[Start of Attachment]

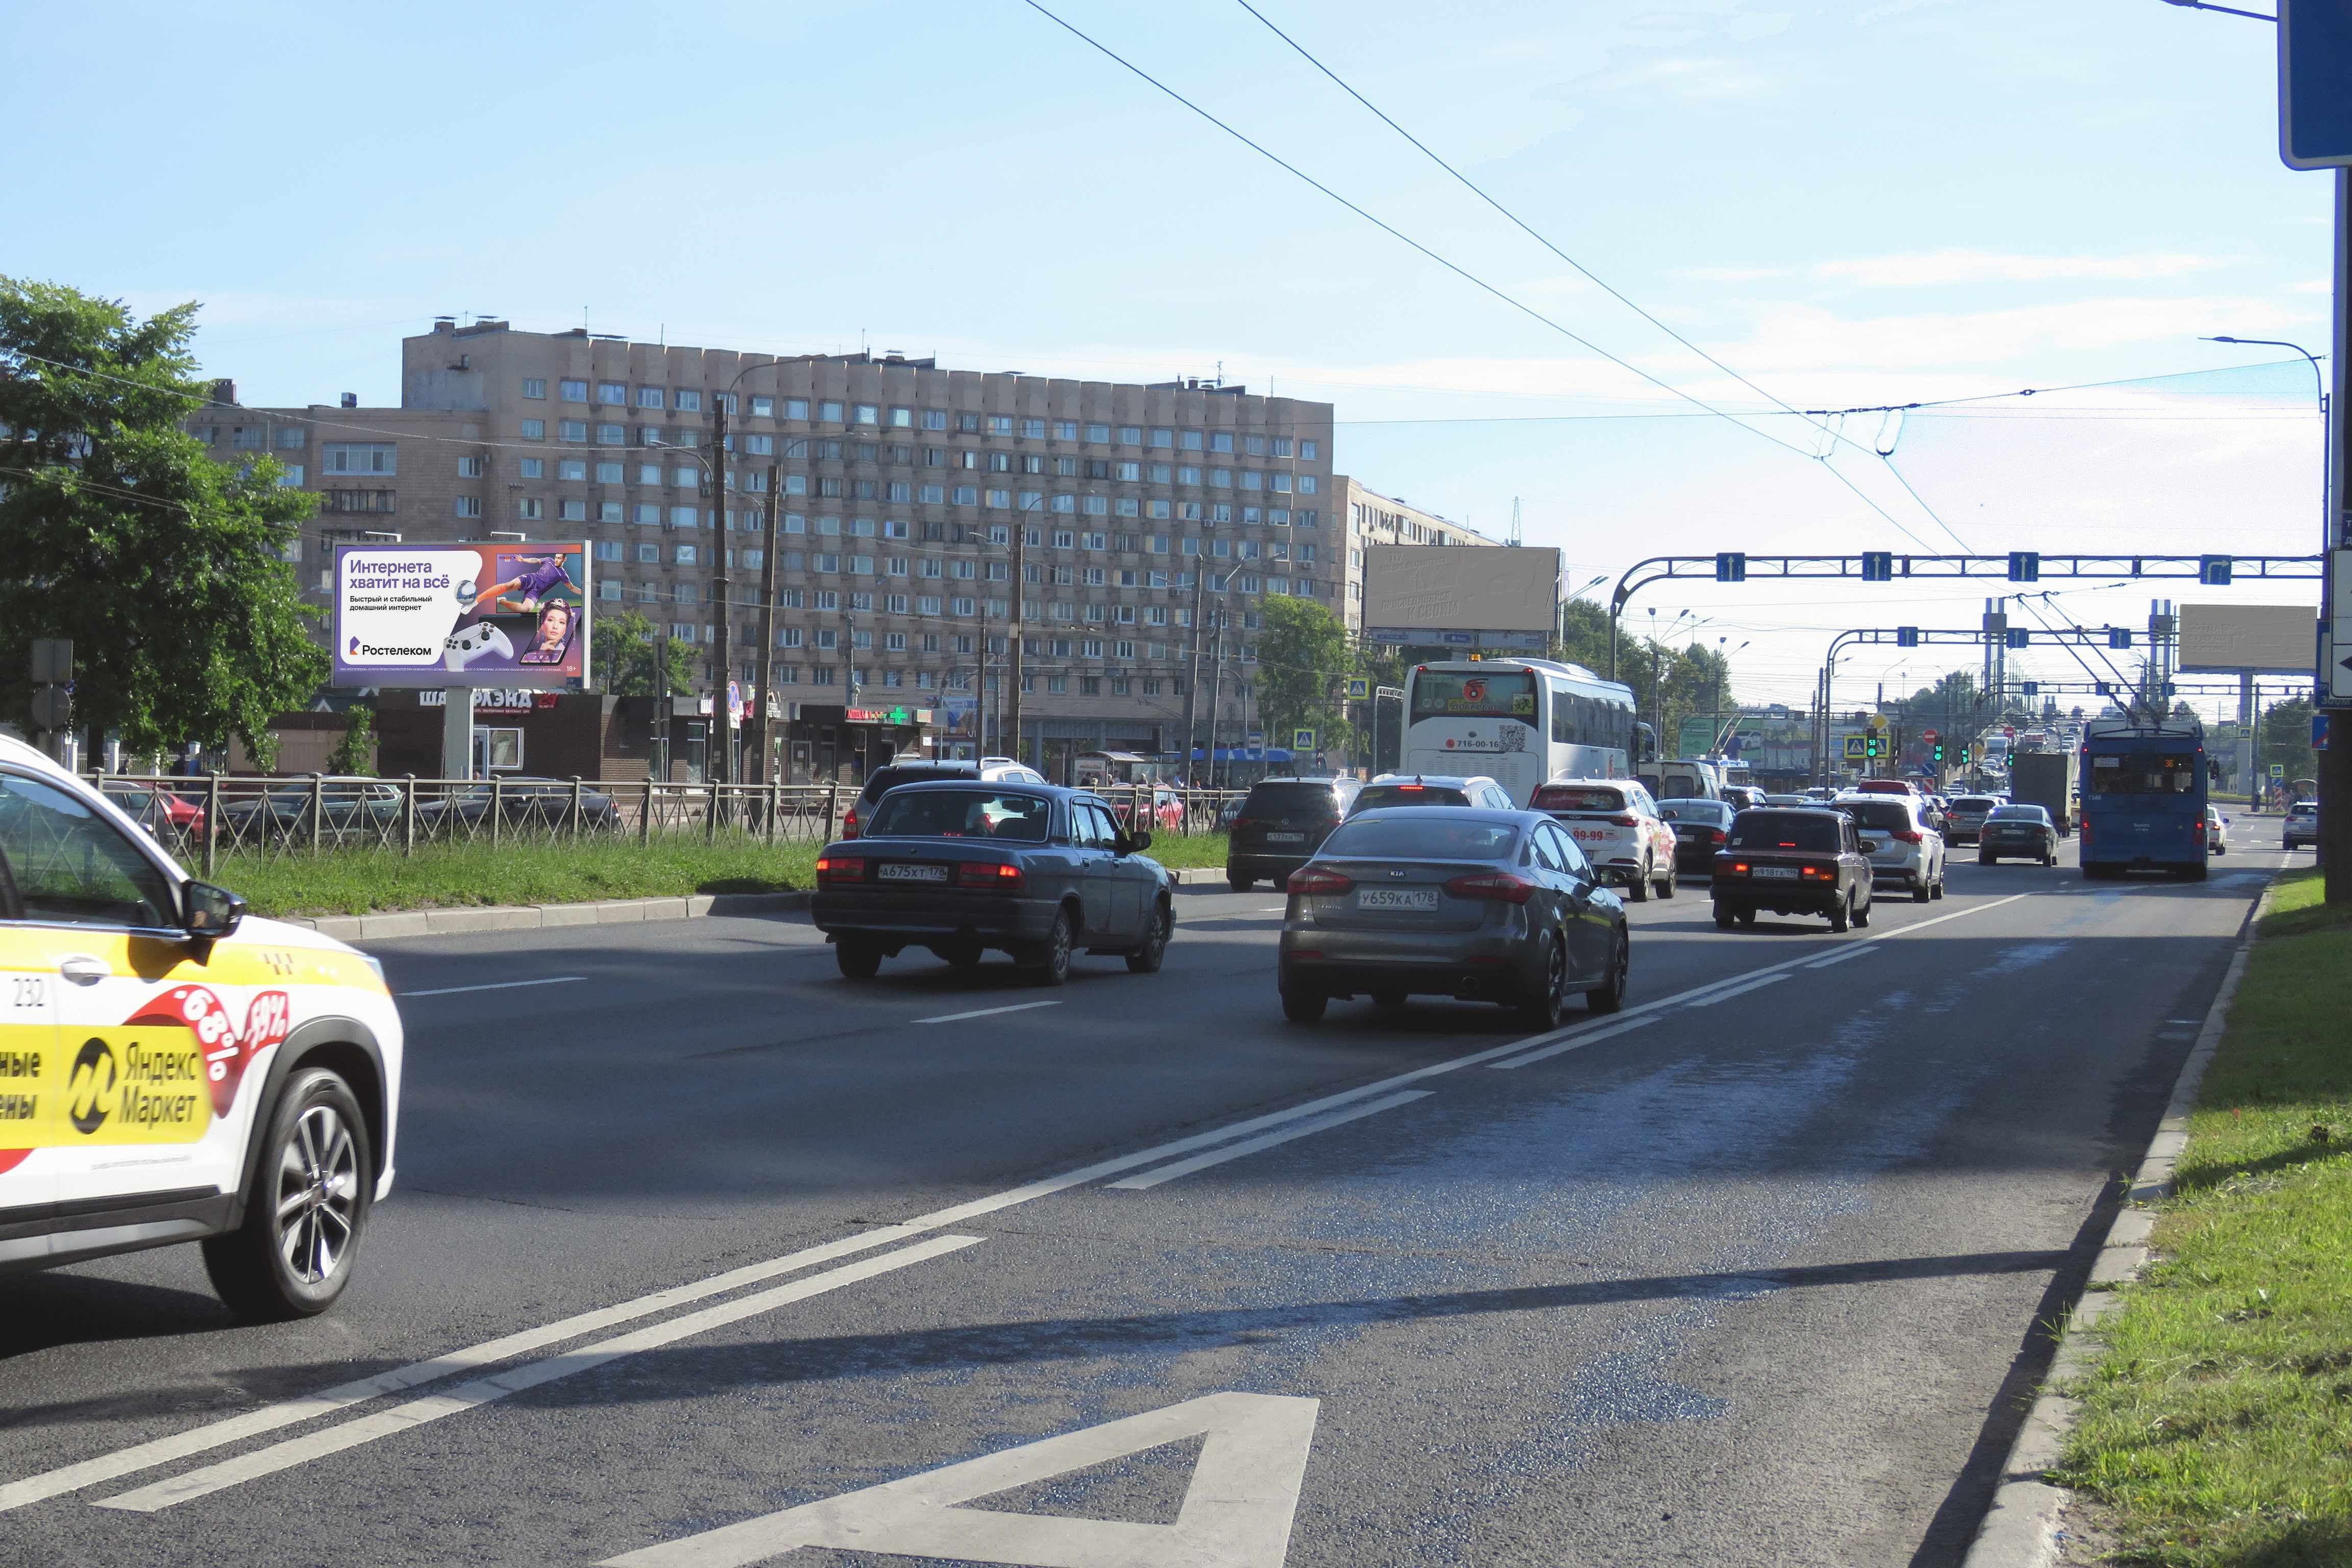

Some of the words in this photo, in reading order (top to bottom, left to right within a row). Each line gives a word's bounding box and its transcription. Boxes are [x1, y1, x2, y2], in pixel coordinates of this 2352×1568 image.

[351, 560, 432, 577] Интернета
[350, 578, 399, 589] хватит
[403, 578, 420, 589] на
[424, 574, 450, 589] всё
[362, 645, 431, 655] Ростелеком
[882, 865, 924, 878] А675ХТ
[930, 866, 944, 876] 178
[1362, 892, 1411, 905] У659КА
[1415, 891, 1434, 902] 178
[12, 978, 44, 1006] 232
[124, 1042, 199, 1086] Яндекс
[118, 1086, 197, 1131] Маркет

[End of Attachment]

EXERCISE DESCRIPTION
Line by line and exactly, write out the material above. Skip the pictures.

WRITTEN ANSWER
Some of the words in this photo, in reading order (top to bottom, left to right within a row). Each line gives a word's bounding box and its transcription. Boxes are [x1, y1, x2, y2], in pixel coordinates of this 2352×1568 image.

[351, 560, 432, 577] Интернета
[350, 578, 399, 589] хватит
[403, 578, 420, 589] на
[424, 574, 450, 589] всё
[362, 645, 431, 655] Ростелеком
[882, 865, 924, 878] А675ХТ
[930, 866, 944, 876] 178
[1362, 892, 1411, 905] У659КА
[1415, 891, 1434, 902] 178
[12, 978, 44, 1006] 232
[124, 1042, 199, 1086] Яндекс
[118, 1086, 197, 1131] Маркет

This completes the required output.